MATERIALS PROVIDED:
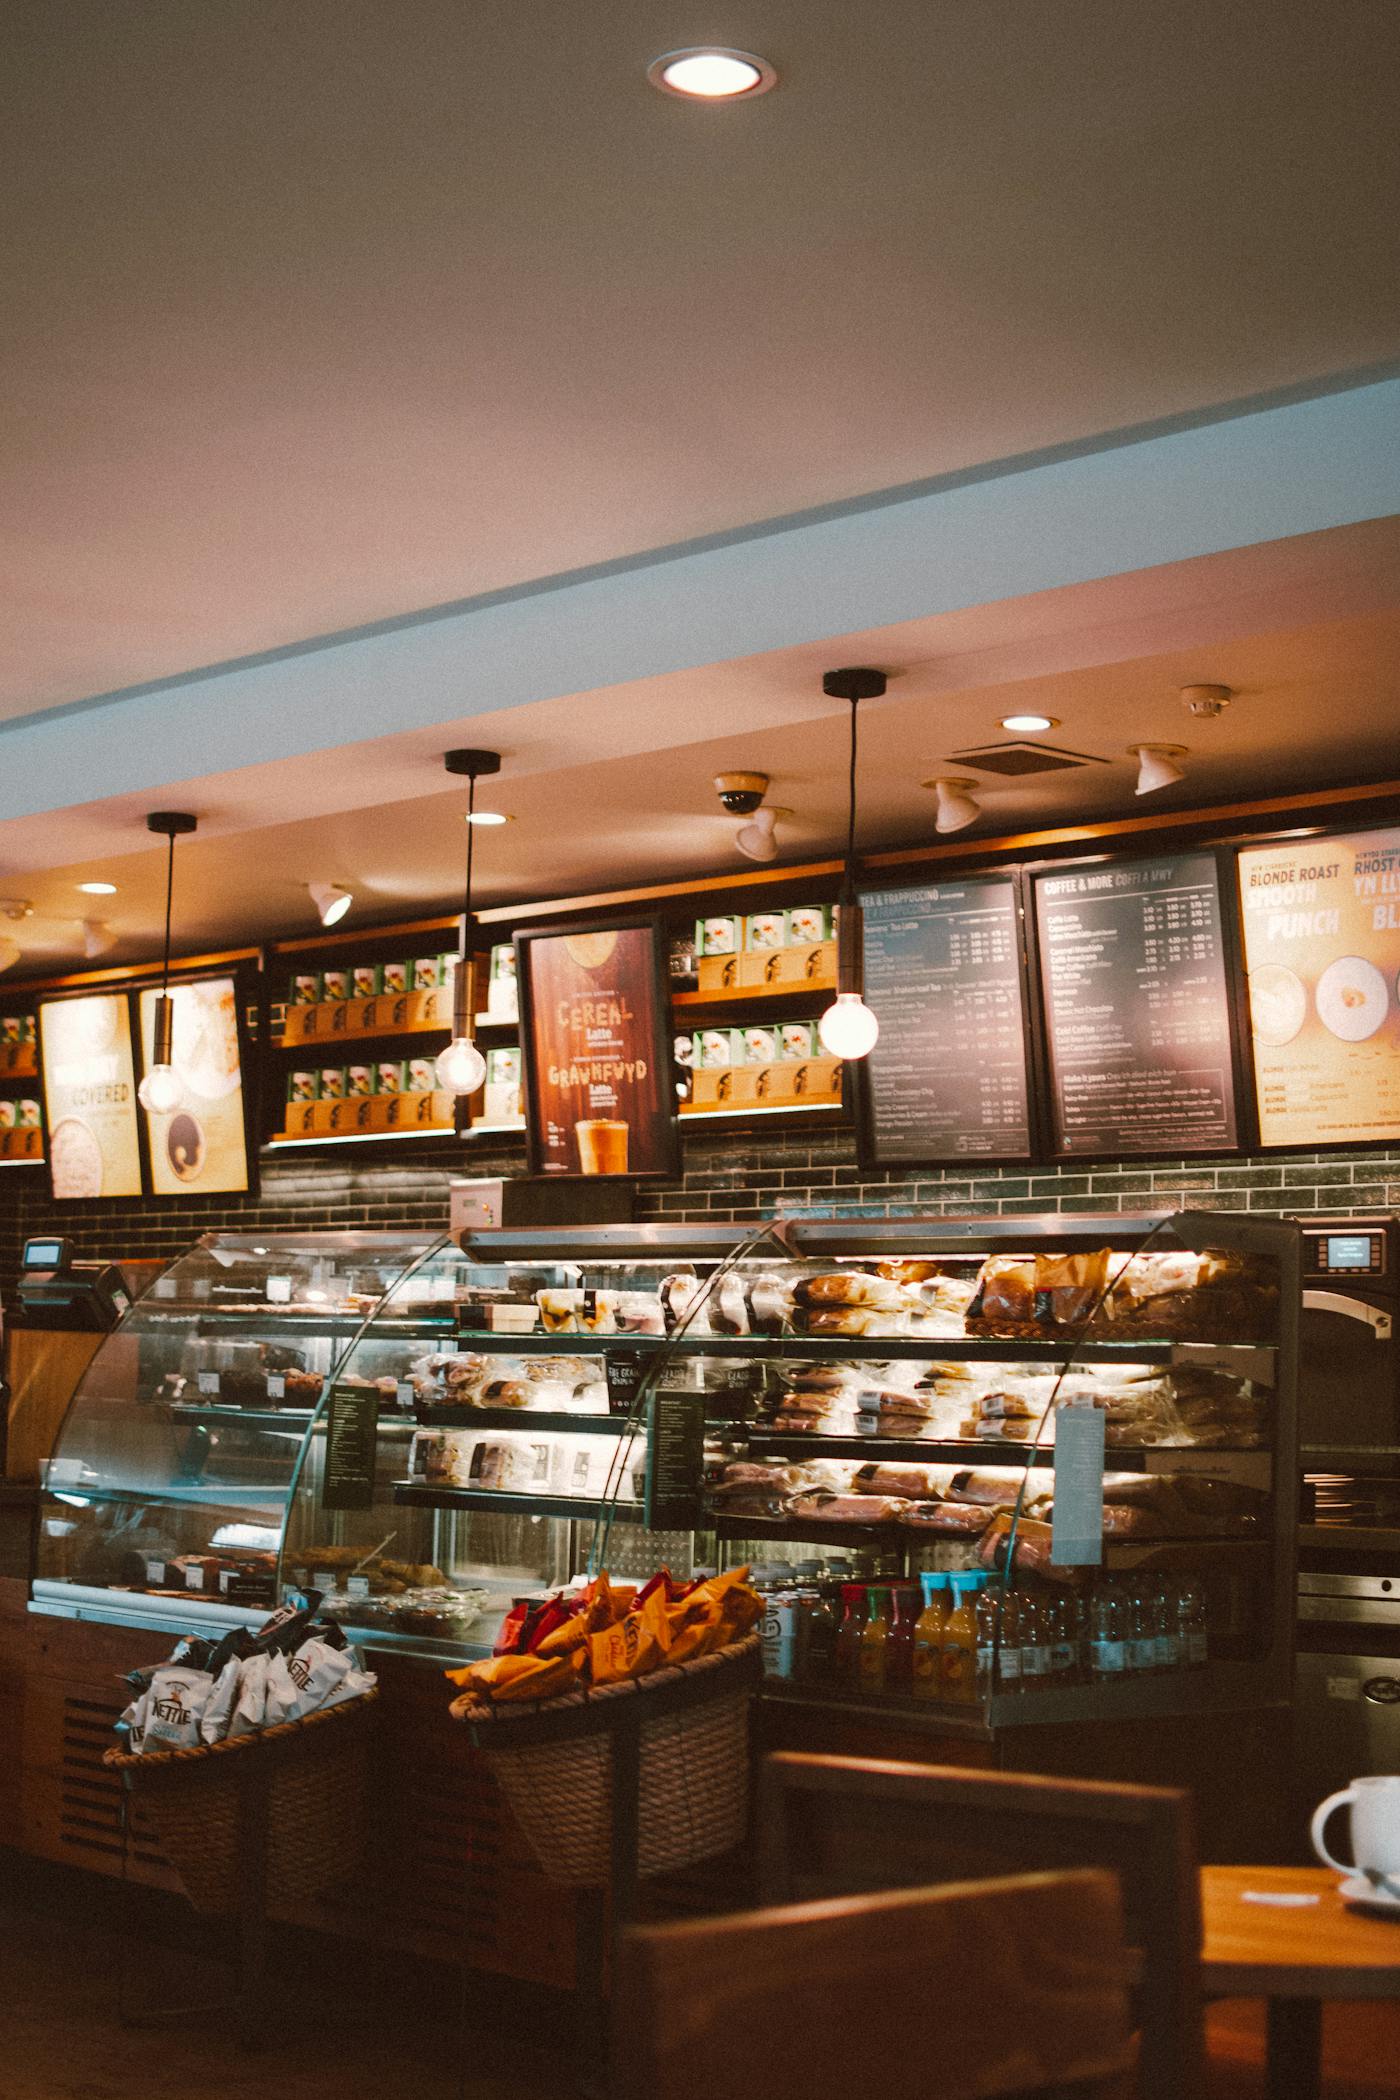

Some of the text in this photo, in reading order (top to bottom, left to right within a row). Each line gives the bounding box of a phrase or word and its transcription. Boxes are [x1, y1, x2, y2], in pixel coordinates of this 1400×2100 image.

[1250, 864, 1340, 887] BLONDE ROAST
[1354, 857, 1394, 875] RHOST
[884, 888, 939, 906] FRAPPUCCINO
[1044, 879, 1077, 896] COFFEE
[1078, 878, 1087, 893] &
[1088, 875, 1113, 890] MORE
[1267, 908, 1340, 940] PUNCH
[1372, 903, 1400, 931] BL
[557, 997, 634, 1031] CEREAL
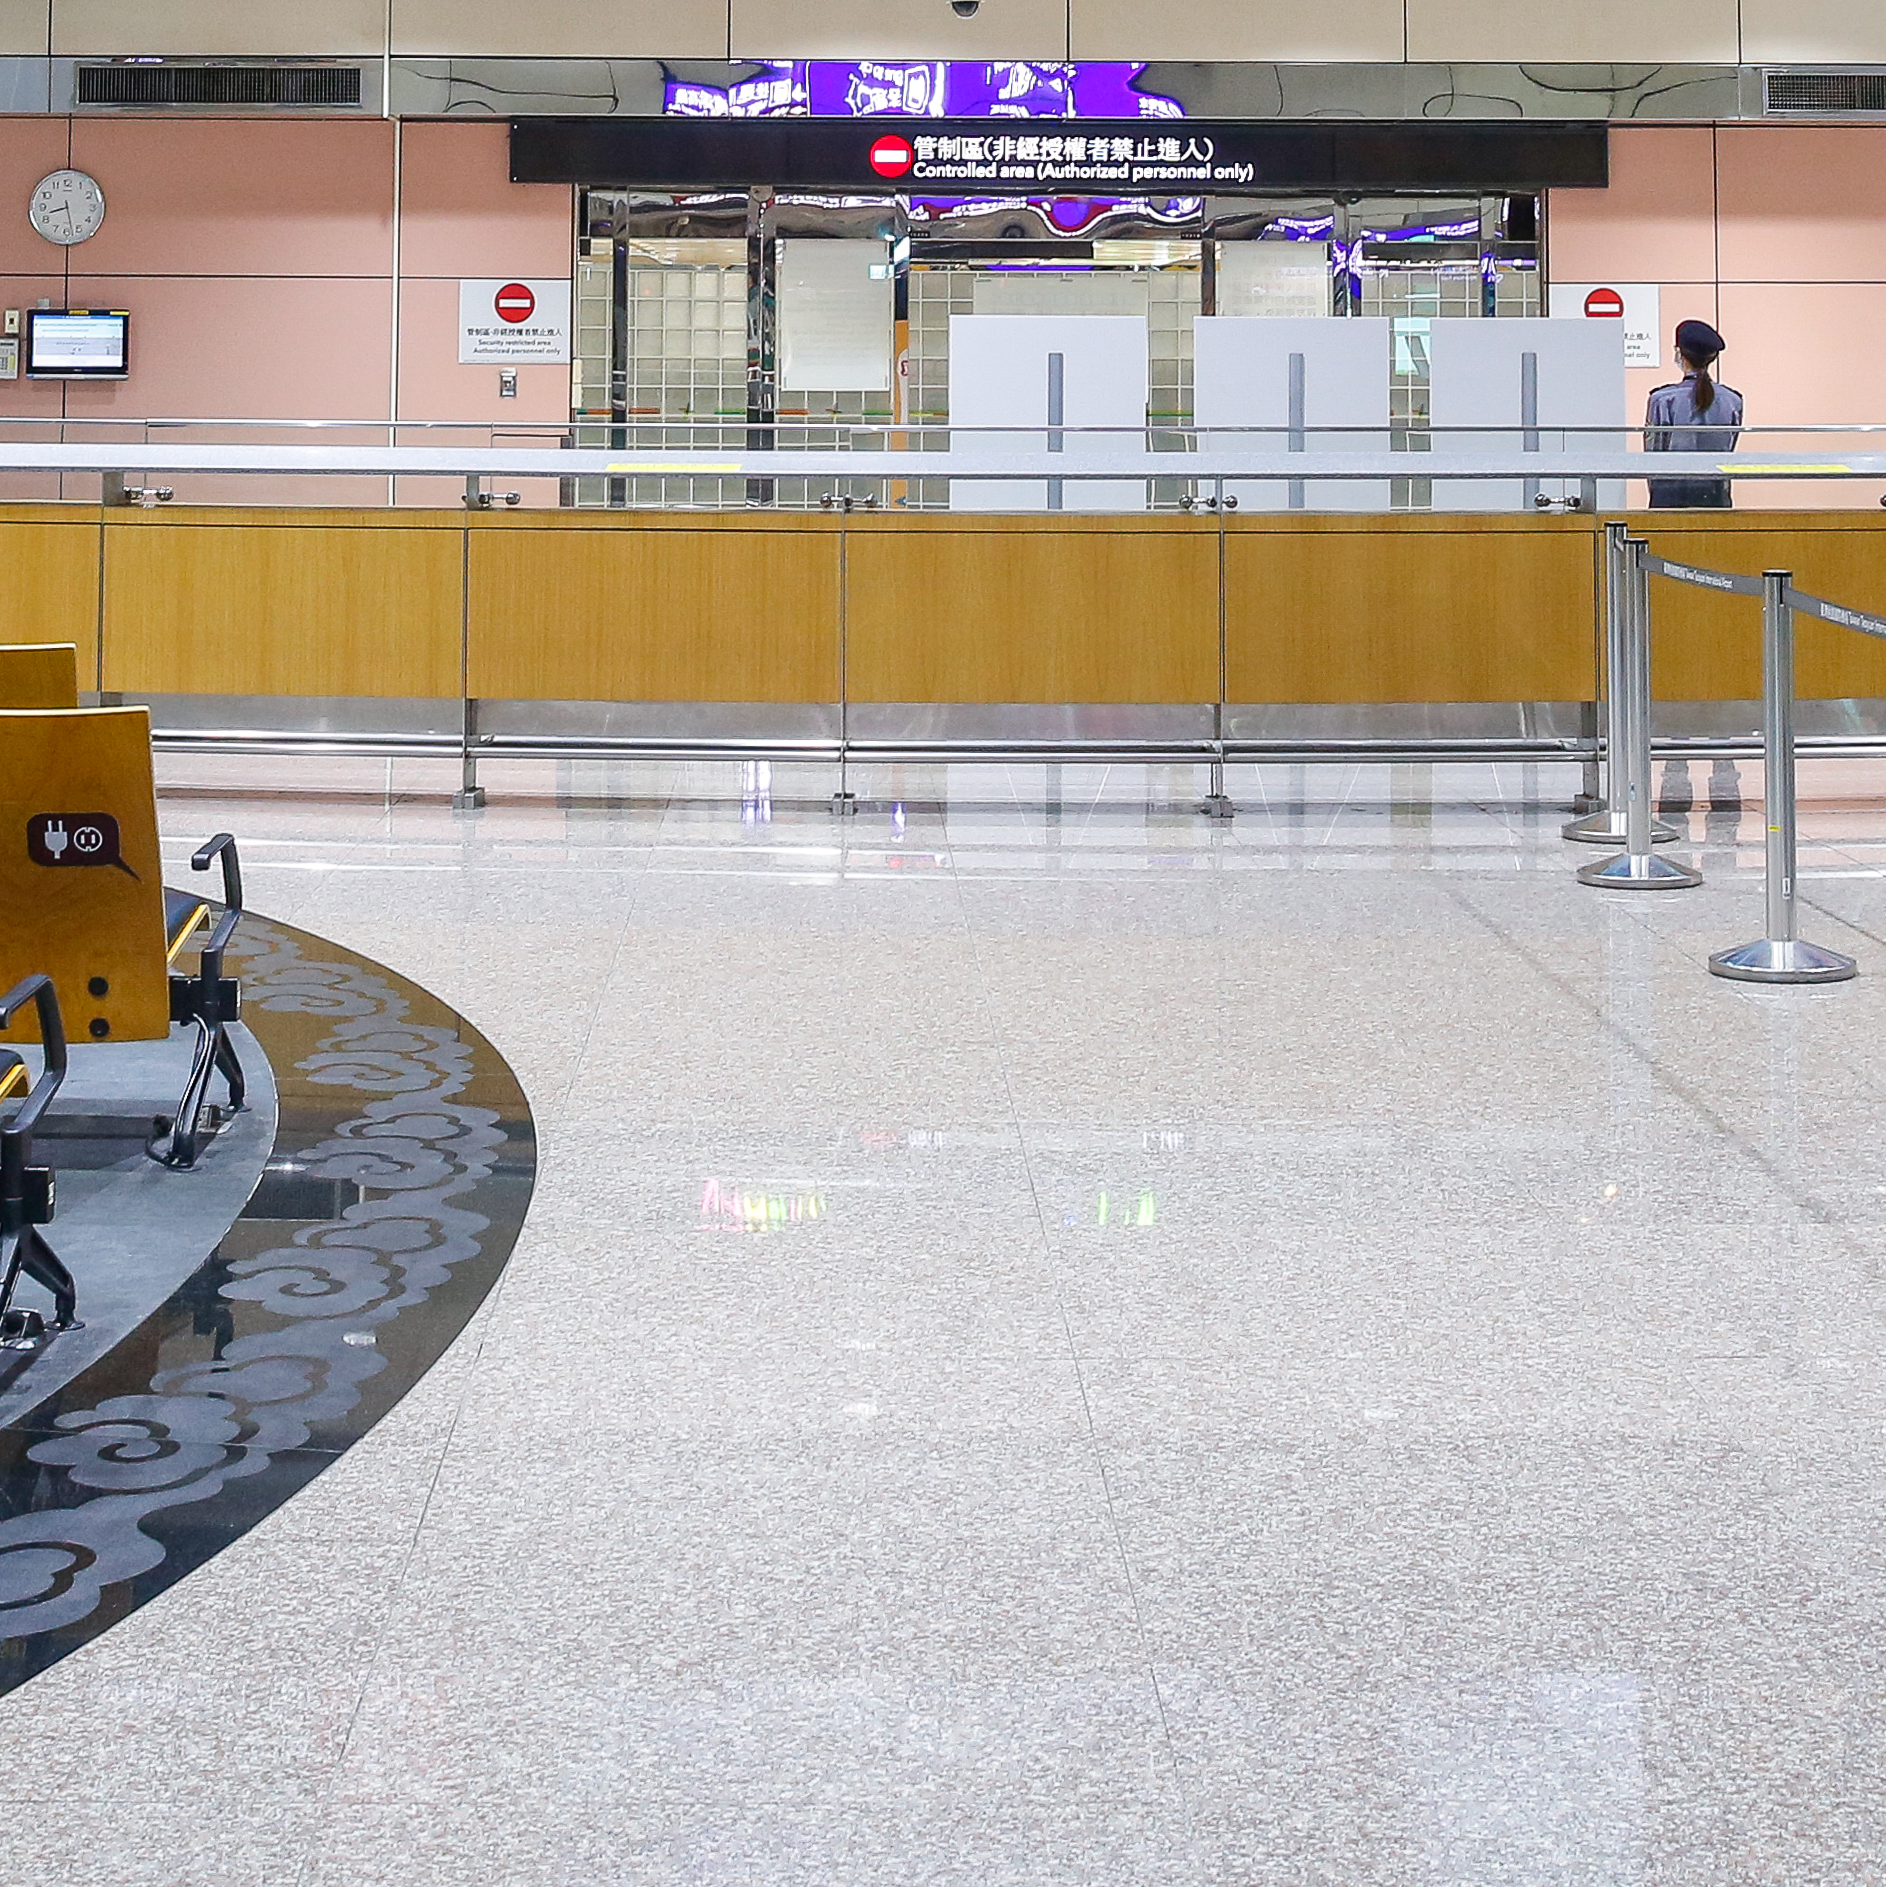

ACTION ITEM: Please retype all the entries word for word, omitting the pictures.

SOLUTION TO THIS TASK:
Some of the text in this photo, in reading order (top to bottom, left to right within a row). Each line gives the bounding box of a phrase or word and its transcription. Boxes are [x1, y1, x2, y2], in pixel coordinates of this 1400×2100 image.

[1250, 864, 1340, 887] BLONDE ROAST
[1354, 857, 1394, 875] RHOST
[884, 888, 939, 906] FRAPPUCCINO
[1044, 879, 1077, 896] COFFEE
[1078, 878, 1087, 893] &
[1088, 875, 1113, 890] MORE
[1267, 908, 1340, 940] PUNCH
[1372, 903, 1400, 931] BL
[557, 997, 634, 1031] CEREAL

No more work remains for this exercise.